Hunter Support Services Pty Ltd v The Children's Guardian
[2005] NSWSC 616
•24 June 2005
CITATION: Hunter Support Services Pty Ltd v The Children's Guardian [2005] NSWSC 616
HEARING DATE(S): 24 June, 2005
JUDGMENT DATE :
24 June 2005JURISDICTION: Equity Division
JUDGMENT OF: Palmer J
DECISION: "Individual" does not include "corporation"; Plaintiff's Summons dismissed.
CATCHWORDS: STATUTORY INTERPRETATION - WORDS AND PHRASES - "INDIVIDUAL" - Whether "individual" in Regulation 20(1)(c) Children and Young Persons (Care and Protection) Regulations, 2000 (NSW) includes "corporation".
LEGISLATION CITED: - Children and Young Persons (Care and Protection) Act 1998 (NSW) - Chapter 10, s.136, s.137
- Children and Young Persons (Care and Protection) Regulations, 2000 (NSW) - clauses 20, 22A, 36
- Interpretation Act 1987 (NSW) - s.5, s.21CASES CITED: Blue Metal Industries Ltd v R.W. Dilley [1970] AC 827
Duperouzel v Cameron [1973] WAR 181
Hall v Jones (1942) 42 SR(NSW) 203
Knightsbridge Estates Trust Ltd v Byrne [1940] AC 613B
Taxation, Deputy Commissioner of (NSW) v Mutton (1988) 79 ALR 509PARTIES: Hunter Support Services Pty Ltd - Plaintiff
The Children's Guardian - DefendantFILE NUMBER(S): SC 2742/05
COUNSEL: R.H. Taperell - Plaintiff
S. Free (Sol) - DefendantSOLICITORS: Cantle Carmichael Lawyers - Plaintiff
Crown Solicitor - Defendant
LOWER COURT JURISDICTION:
Issues
1 The Plaintiff’s Summons raises a short but novel point of construction as to the meaning of the word “individual” in the Regulations made under the Children and Young Persons (Care and Protection) Act 1998 (NSW) (respectively “the Regulations” and “the Act”).
2 The Plaintiff company carries on the business of providing residential care placements for children in New South Wales. It has employed a large number of people to provide short, medium and long term care for children, as required by the Department of Community Services. It currently holds an interim accreditation as a “designated agency” under Regulation 22A of the Regulations.
3 Under Regulation 20, a “designated agency” may authorise “an individual” to be an “authorised carer” of children for the purposes of the Act and the Regulations. The Plaintiff, as a “designated agency”, has hitherto authorised its employees as “authorised carers”.
4 The Plaintiff now intends to restructure its business.
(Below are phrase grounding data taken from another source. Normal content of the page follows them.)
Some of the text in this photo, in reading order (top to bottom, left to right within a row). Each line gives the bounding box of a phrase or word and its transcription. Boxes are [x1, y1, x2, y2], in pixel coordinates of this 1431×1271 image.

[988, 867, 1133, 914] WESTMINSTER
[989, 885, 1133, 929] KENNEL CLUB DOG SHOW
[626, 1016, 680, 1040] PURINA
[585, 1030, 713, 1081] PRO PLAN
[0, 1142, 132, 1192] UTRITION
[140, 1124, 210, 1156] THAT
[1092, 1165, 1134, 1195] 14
Rather than directly employing “authorised carers”, it intends to enter into contracts with subsidiary companies whereby those subsidiaries will provide care; the subsidiaries will then directly employ persons whom the Plaintiff will authorise under Regulation 20 as “authorised carers”.
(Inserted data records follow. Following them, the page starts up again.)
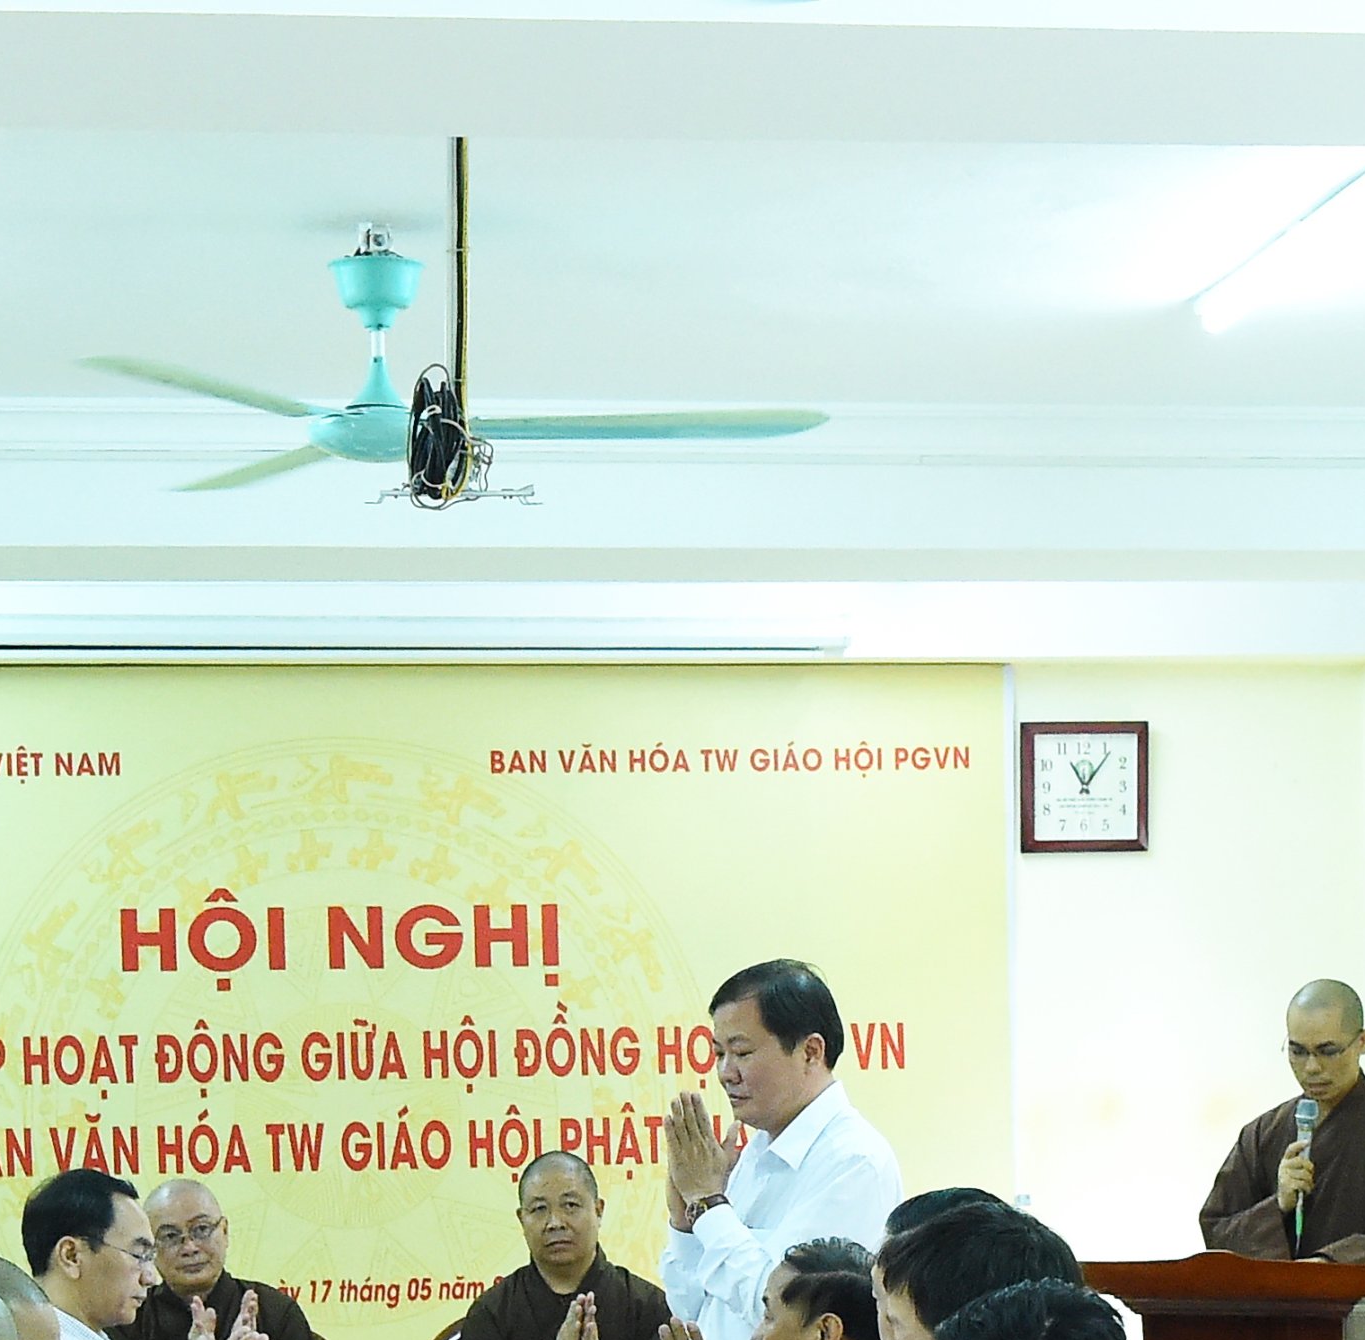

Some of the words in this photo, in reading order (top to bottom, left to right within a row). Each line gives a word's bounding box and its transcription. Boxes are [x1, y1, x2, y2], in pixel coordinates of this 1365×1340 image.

[54, 752, 121, 776] NAM
[489, 750, 548, 774] BAN
[558, 744, 618, 773] VĂN
[628, 742, 691, 773] HÓA
[701, 748, 739, 772] TW
[749, 742, 823, 772] GIÁO
[833, 741, 883, 778] HỘI
[894, 747, 971, 771] PGVN
[119, 887, 287, 992] HỘI
[327, 903, 560, 987] NGHỊ
[22, 1034, 138, 1099] HOẠT
[155, 1019, 285, 1098] ĐỘNG
[301, 1018, 407, 1082] GIỮA
[423, 1015, 498, 1093] HỘI
[514, 1002, 641, 1077] ĐỒNG
[657, 1026, 716, 1089] HỌ
[850, 1023, 906, 1070] VN
[48, 1113, 140, 1175] VĂN
[157, 1109, 252, 1175] HÓA
[265, 1123, 324, 1172] TW
[341, 1105, 453, 1171] GIÁO
[468, 1104, 542, 1183] HỘI
[560, 1102, 664, 1180] PHẬT
[310, 1279, 333, 1303] 17
[339, 1276, 400, 1309] tháng
[406, 1277, 432, 1301] 05
[438, 1275, 485, 1300] năm
5 The Defendant is appointed under Chapter 10 of the Act to perform various functions under the Act and Regulations. By clause 36(1) of the Regulations, the Defendant is responsible for the accreditation of “designated agencies”.
6 The Defendant contends that Regulation 20 of the Regulations does not permit the Plaintiff, as a “designated agency”, to authorise as “authorised carers” persons who are employees of another corporation. The Defendant says that a “designated agency” may authorise as an “authorised carer” only a natural person who is employed directly by the “designated agency” or a natural person who is employed by another natural person.
7 The Plaintiff seeks declaration that:
- “On the true construction of Regulation 20(1)(c) of the Children and Young Persons (Care and Protection) Regulation, 2000 (NSW), a designated agency, within the meaning of the Children and Young Persons (Care and Protection) Act 1998 (NSW), may authorise as an authorised carer a person who is employed by a body corporate which is engaged by the designated agency under a contractual arrangement (other than as an employee) to care for children and young persons in the course of his of her duties.”
8 Regulation 20(1)(c) relevantly provides:
1) A designated agency may authorise an individual belonging to one of the following classes of individuals as an authorised carer, but only if the designated agency has carried out an assessment of the individual under subclause (3) and has determined, following that assessment, that the individual is suitable to be an authorised carer:
(a) …
(b) an individual engaged by the designated agency under a contractual arrangement (other than as an employee) to provide care for children and young persons,
(d) …”(c) an individual who is employed by an individual referred to in paragraph (b) to care for children and young persons in the course of his or her duties,
9 The question for decision is whether “individual”, where secondly appearing in sub-clause (1)(c), includes “corporation” or is confined to “natural person”.
The scheme of the legislation
10 Chapter 8 of the Act establishes a regime for out-of-home care of children and young persons. Section 136(1) of the Act provides that out-of-home care may only be provided by an “authorised carer”. Section 137 of the Act relevantly provides:
“1) In this Act, authorised carer means:
(a) …
(b) a person who, in accordance with the regulations, is authorised as an authorised carer by a designated agency, or
(c) …
(2) The regulations may make provision for or with respect to the following:
(a) the making and determination of applications for authorisation,
(b) the authorisation of persons, by designated agencies or otherwise, as authorised carers,
(c) the imposition of conditions of an authorisation, including, but not limited to:
(i) the maximum number of children and young persons who may be placed in the care of an authorised carer (including the maximum number in specified age groups), and
(ii) the identification or description of children and young persons who may be placed in the care of an authorised carer,
(e) the cancellation or suspension of an authorisation.”(d) the period for which an authorisation remains in force,
11 Section 139 provides:
“1) In this Act, designated agency means:
(a) a department of the Public Service, or
(b) an organisation that arranges the provision of out-of-home care,
(2) The regulations may prescribe the standards with which an applicant for accreditation must comply in order to be accredited as a designated agency.”if the department or organisation is accredited for the time being in accordance with the regulations.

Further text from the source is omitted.